Portrait de la campagne de Jean-Luc Moulène à la galerie Crousel

Le Journal des Arts

Le 23 mai 2012 - 485 mots

PARIS - Des jardins avec des choux dedans, des sous-bois ridés de lumière, une rivière entre chien et loup, le soleil qui traverse des feuillages et qui s’écrase sur un tapis de terre, l’humus, les humeurs d’une nature, une faux exilée sur un palier, une échelle blanche oubliée dans l’hiver, un arbre qui sculpte la brume.

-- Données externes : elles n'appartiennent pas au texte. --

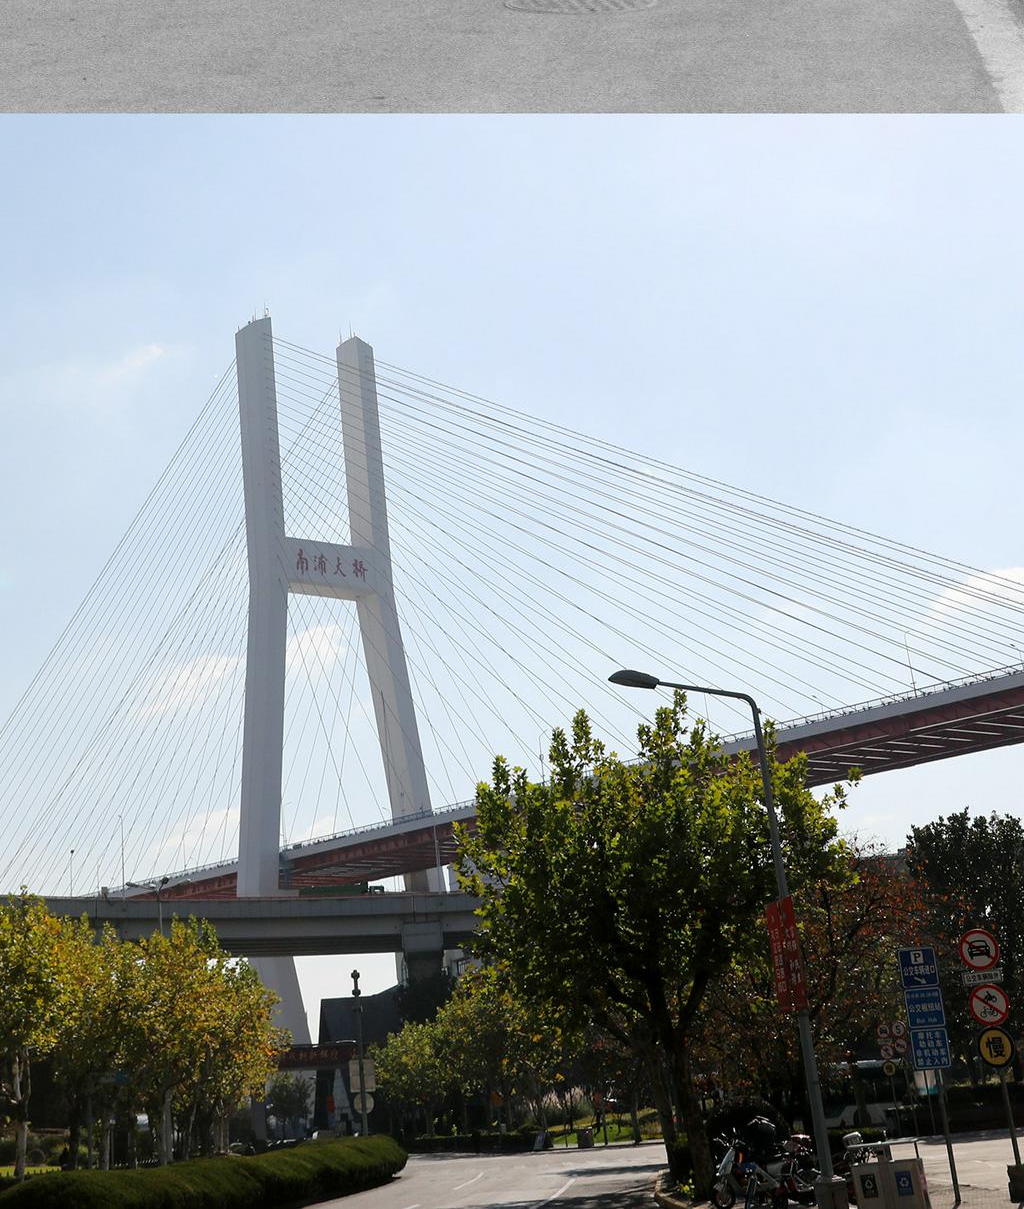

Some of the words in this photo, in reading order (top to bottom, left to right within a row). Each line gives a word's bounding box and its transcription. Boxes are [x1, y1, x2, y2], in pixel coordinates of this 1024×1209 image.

[296, 549, 368, 582] 南浦大桥
[913, 952, 921, 962] P
[986, 1037, 1006, 1058] 慢

Ce sont quelques images de Fénautrigues, un lieu-dit du Lot, un tout petit morceau de pays, 5 km² que Jean-Luc Moulène a traversé pendant son enfance. Entre 1991 et 2006, l’artiste a enregistré ses couleurs, les saisons, ses chemins et a construit un corpus de plus de sept mille photographies. Cinq cents ont été rassemblées dans un livre publié en 2010, fruit d’une commande publique du ministère de la Culture et de la Communication. Et dix-sept sont aujourd’hui montrées à la galerie Chantal Crousel. Cette collection d’images, archivage et collage esthétique d’une errance, compose le portrait d’une campagne où il ne reste de l’homme, que ses outils, ses empreintes, ses potagers. Seule, la photographie d’un boucher pris dans la danse d’un cochon écorché, habite de chair et d’os, le sujet Fénautrigues. Si Rembrandt et son bœuf se réveillent, l’histoire de la commune se raconte à travers le corps des paysages, ses performances, l’expérience d’une lente promenade et cette présence effacée de la figure humaine. Alors que le monde est à pleine vitesse, le prélèvement sensible de Moulène offre une décélération bénéfique et une action engagée à l’égard des campagnes en déshérence. En épuisant un bout de territoire par coupes successives, il a pénétré son rythme, ses signes, exploré son langage et retourné 5 km² en un long poème d’images, fait de césures et d’enjambements, de refrains, d’accents et de pauses.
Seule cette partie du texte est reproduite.